Before he could use another round, Stanford heard a spontaneous detonation go off behind him. A tremendous blast followed it. He immediately turned to catch the blazing-fast ripple that went through the vicinity; something had blown apart the mineral-laden asteroid behind him and undoubtedly set off a chain reaction with the topaz-like crystals, releasing a massive sonic shockwave. All sensors in the area fizzled up as the blast passed over, though Stanford was spared the rupturing of his eardrums by virtue of his earpiece's failsafe.

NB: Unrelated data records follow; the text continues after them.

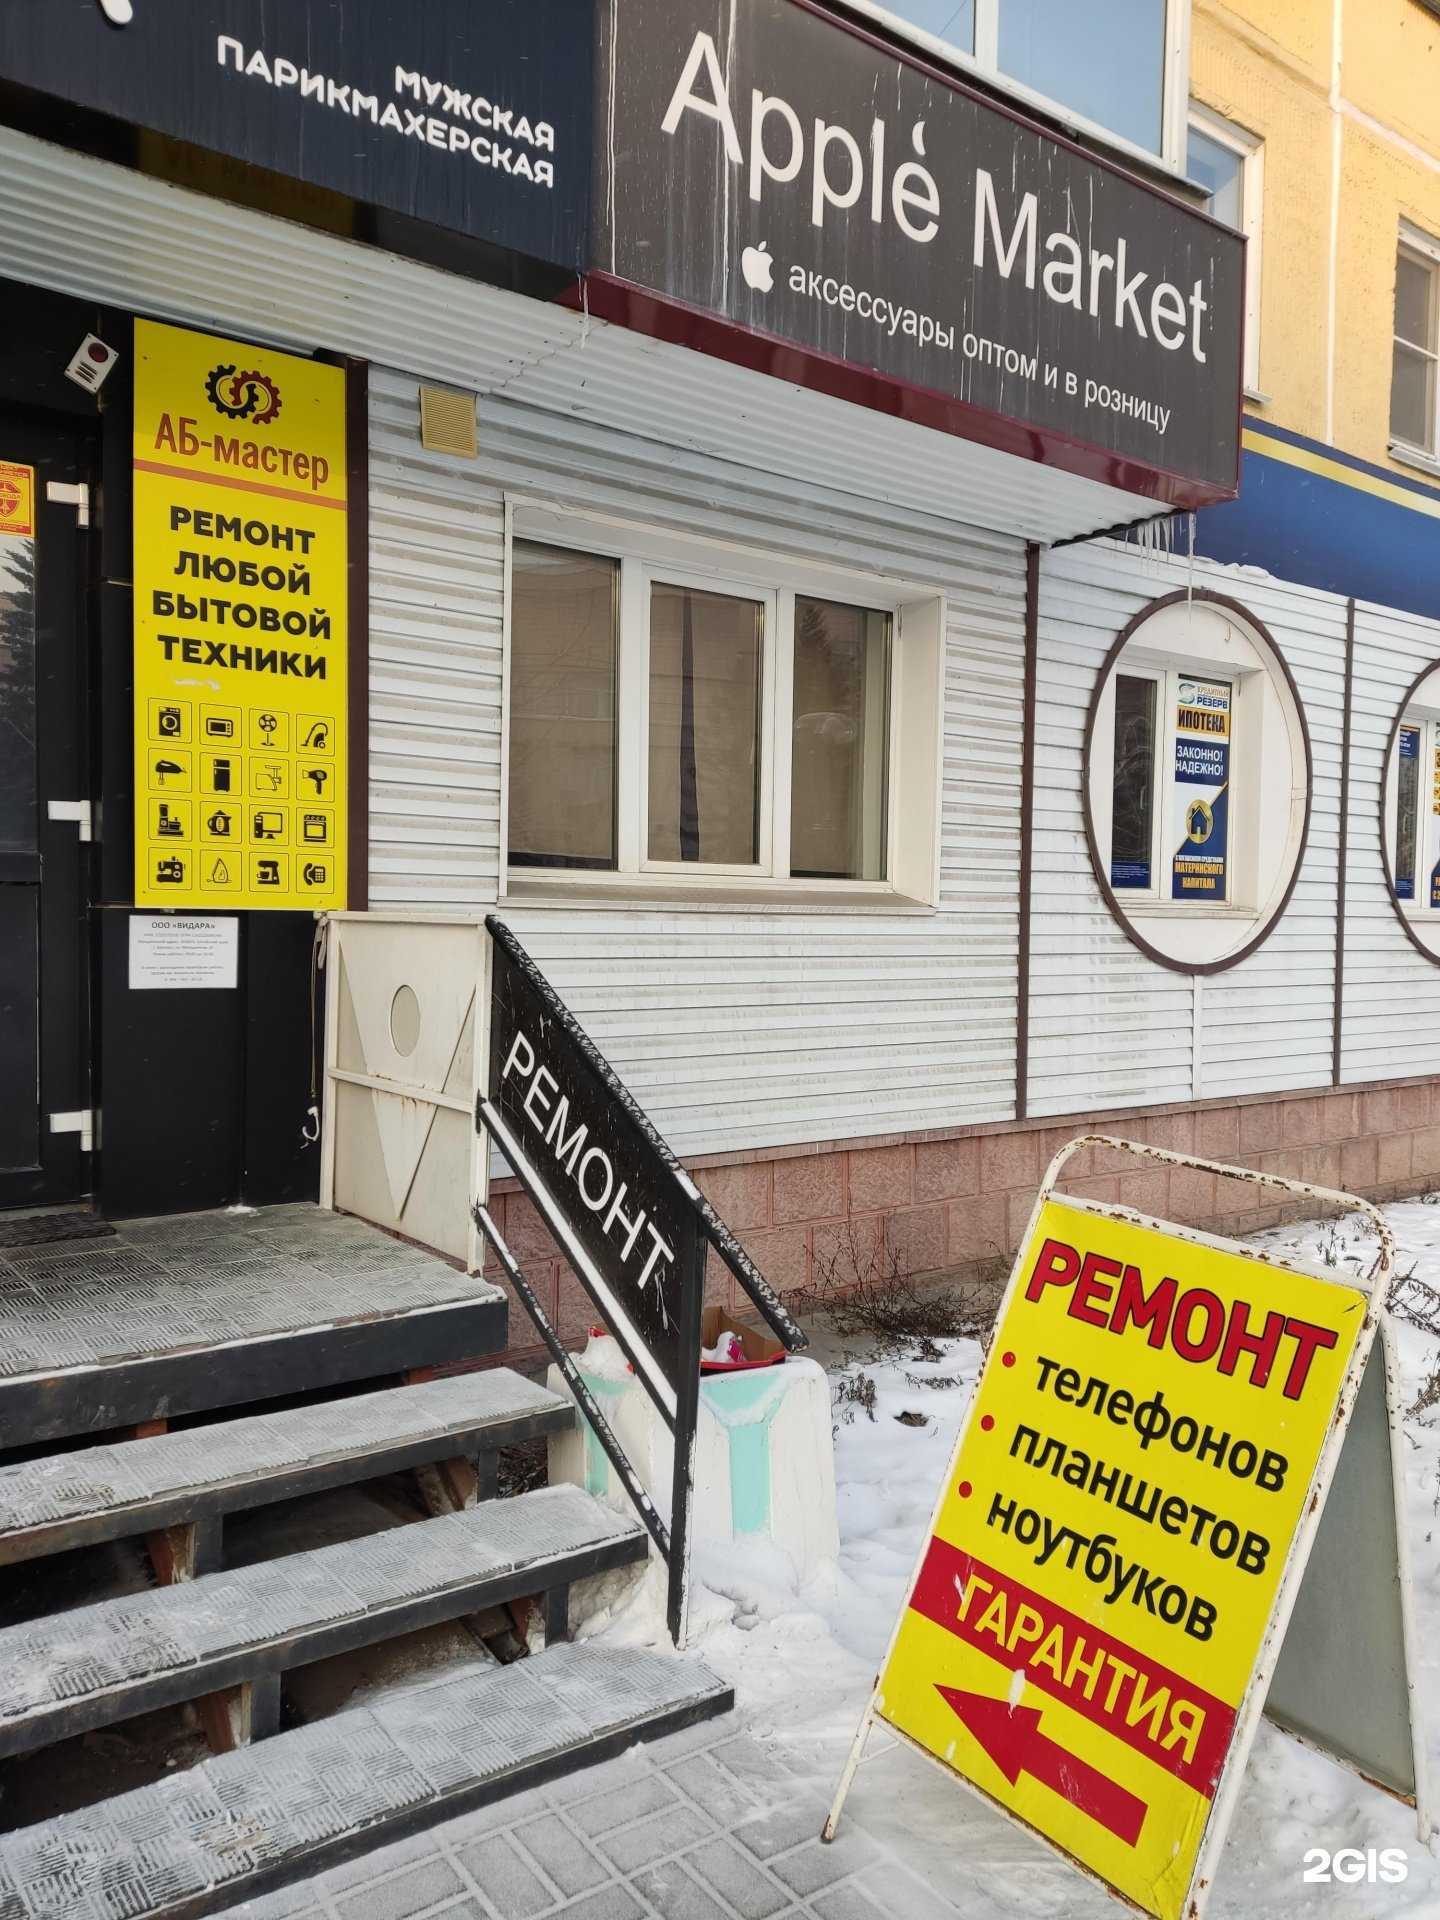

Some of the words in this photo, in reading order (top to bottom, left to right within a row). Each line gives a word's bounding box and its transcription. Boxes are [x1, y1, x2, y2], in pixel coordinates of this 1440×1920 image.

[216, 35, 556, 188] ПАРИКМАХЕРСКАЯ
[394, 65, 556, 152] МУЖСКАЯ
[660, 31, 942, 244] Apple
[973, 168, 1208, 364] Market
[789, 262, 955, 352] аксессуары
[962, 332, 1037, 381] оптом
[1044, 363, 1058, 388] и
[1066, 372, 1079, 396] в
[1085, 378, 1171, 435] розницу
[154, 413, 328, 490] АБ-мастер
[170, 505, 315, 553] РЕМОНТ
[152, 589, 331, 640] БЫТОВОЙ
[174, 550, 311, 596] ЛЮБОЙ
[157, 634, 327, 680] ТЕХНИКИ
[1196, 696, 1228, 709] РЕЗЕРВ
[1175, 760, 1224, 776] НАДЕЖНО!
[1177, 745, 1223, 762] ЗАКОННО!
[151, 921, 170, 929] ООО
[502, 1030, 675, 1290] РЕМОНТ
[1024, 1237, 1338, 1401] РЕМОНТ
[1036, 1353, 1290, 1494] телефонов
[1008, 1422, 1270, 1577] планшетов
[986, 1492, 1218, 1642] ноутбуков
[955, 1572, 1207, 1766] ГАРАНТИЯ

What he didn't expect was to simultaneously experience a shock in his chest—a very typical stun ray shock, which was startling given he hadn't seen any additional fire coming from the police forces. Stanford braced himself, his stomach turning as he tried to absorb the blasts. Only the metal plate in his head prevented full surrender to unconsciousness, and he was grateful at least one contingency appeared to have been properly set in place. Ford nearly began counting stars before he stabilised his vitals and a sigh of relief escaped his mouth, the heap of disabled ships which littered the weird dimension drawing his attention.

Black fumes spawned from one of the engines of the officer's ship. A lifeform of deplorable nature escaped from the dark, toxic mist. Ford zoomed in using the bionic lenses in his eyes, a morbid curiosity overtaking his rational side. Grey, six-legged, the size of a baby Beartilope or a beaver, and a precarious insignia imbued over its reptilian hide: a white letter 'I' crossed out by two wide orange lines. Why, it'd almost looked like...

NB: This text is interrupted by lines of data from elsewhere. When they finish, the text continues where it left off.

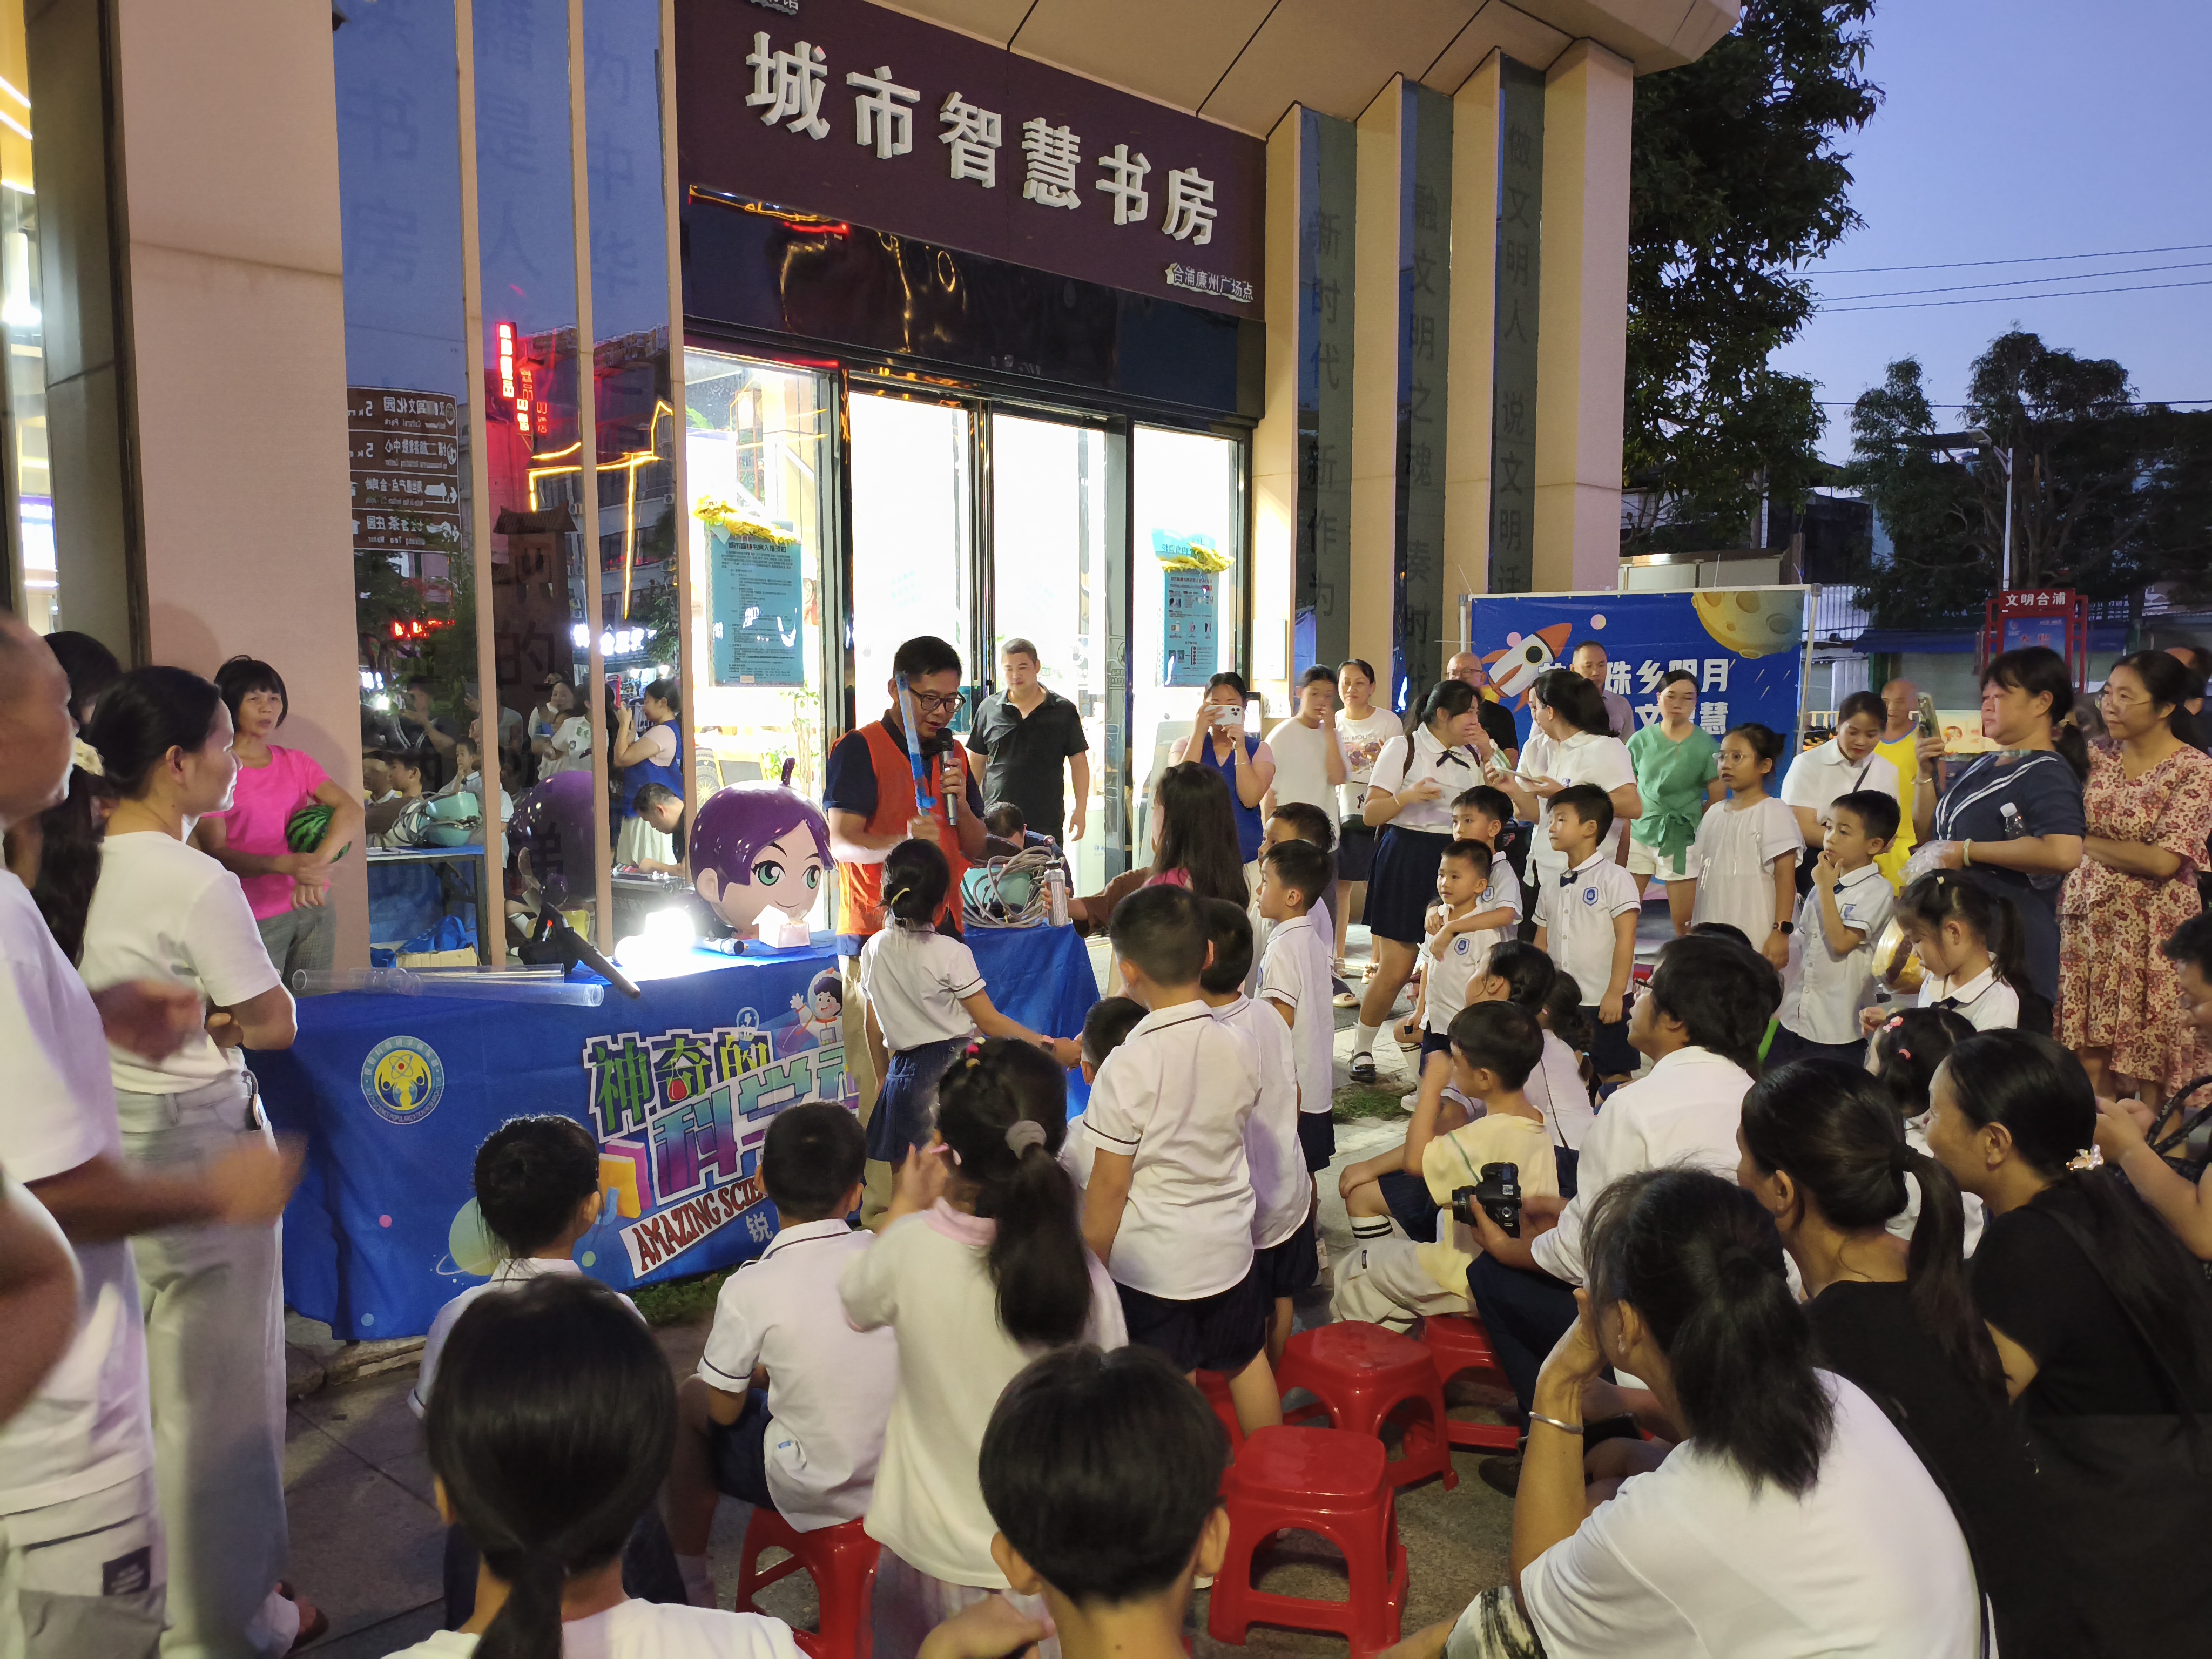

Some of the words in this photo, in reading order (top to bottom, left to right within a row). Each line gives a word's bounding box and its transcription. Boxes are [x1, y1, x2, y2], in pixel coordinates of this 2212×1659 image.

[746, 31, 1217, 245] 城市智慧书房
[1172, 264, 1254, 301] 合浦廉州广场点
[2005, 592, 2066, 606] 文明合浦
[1351, 732, 1377, 741] MOUSE
[590, 1033, 770, 1134] 神奇的
[631, 1192, 722, 1272] AMAZING
[717, 1177, 765, 1218] SCIE

"Huh?!" Ford shouted as the creature teleported next to him and clambered onto his head. It sank two canal-like tongues through his nose. "No, get off me you wrinkly—"

Where was it—the Animo plant extract? He kept on rummaging through his trenchcoat, through the armour, feeling the nerve parasite getting closer to his brain with each gruelling second that passed. This was bad. Really bad. Once had Stanford the displeasure of witnessing an Intoxozeebo being used for torture, and that interrogation didn't end well at all.

His hand slipped over the syringe; those finicky phalanges could never just surround what was needed in life-threatening situations, Ford cursed. Something was already feeling awry for him, for distinguishing the actual desire to save himself with the echoes in his head turned into a troublingly grating process. Not even an erudite with twelve PhDs could have predicted what would happen when a creature that was specifically bred to feed on organic centres of electrical activity latched on to its prey and that prey just so happened to be said erudite.

Ford experienced a jolt of pain in his temples.

Images. His travels, the portal, and the incomprehensibly wide universe held Ford's thoughts in a firm grasp, the sequence moulded to harrowingly harmonious perfection. Then, it zoomed in; the pawnshop, Stanley, Glass Shard Beach High, Fiddleford, Bill—they were pouring into the facetious grandeur in one inescapable flurry. On and on about how he'd slipped up, how he'd lost his chance, and how he was somehow slated to be the progenitor of a new era in spite of that. On and on, they went and came with the signature sting only regrets could instil.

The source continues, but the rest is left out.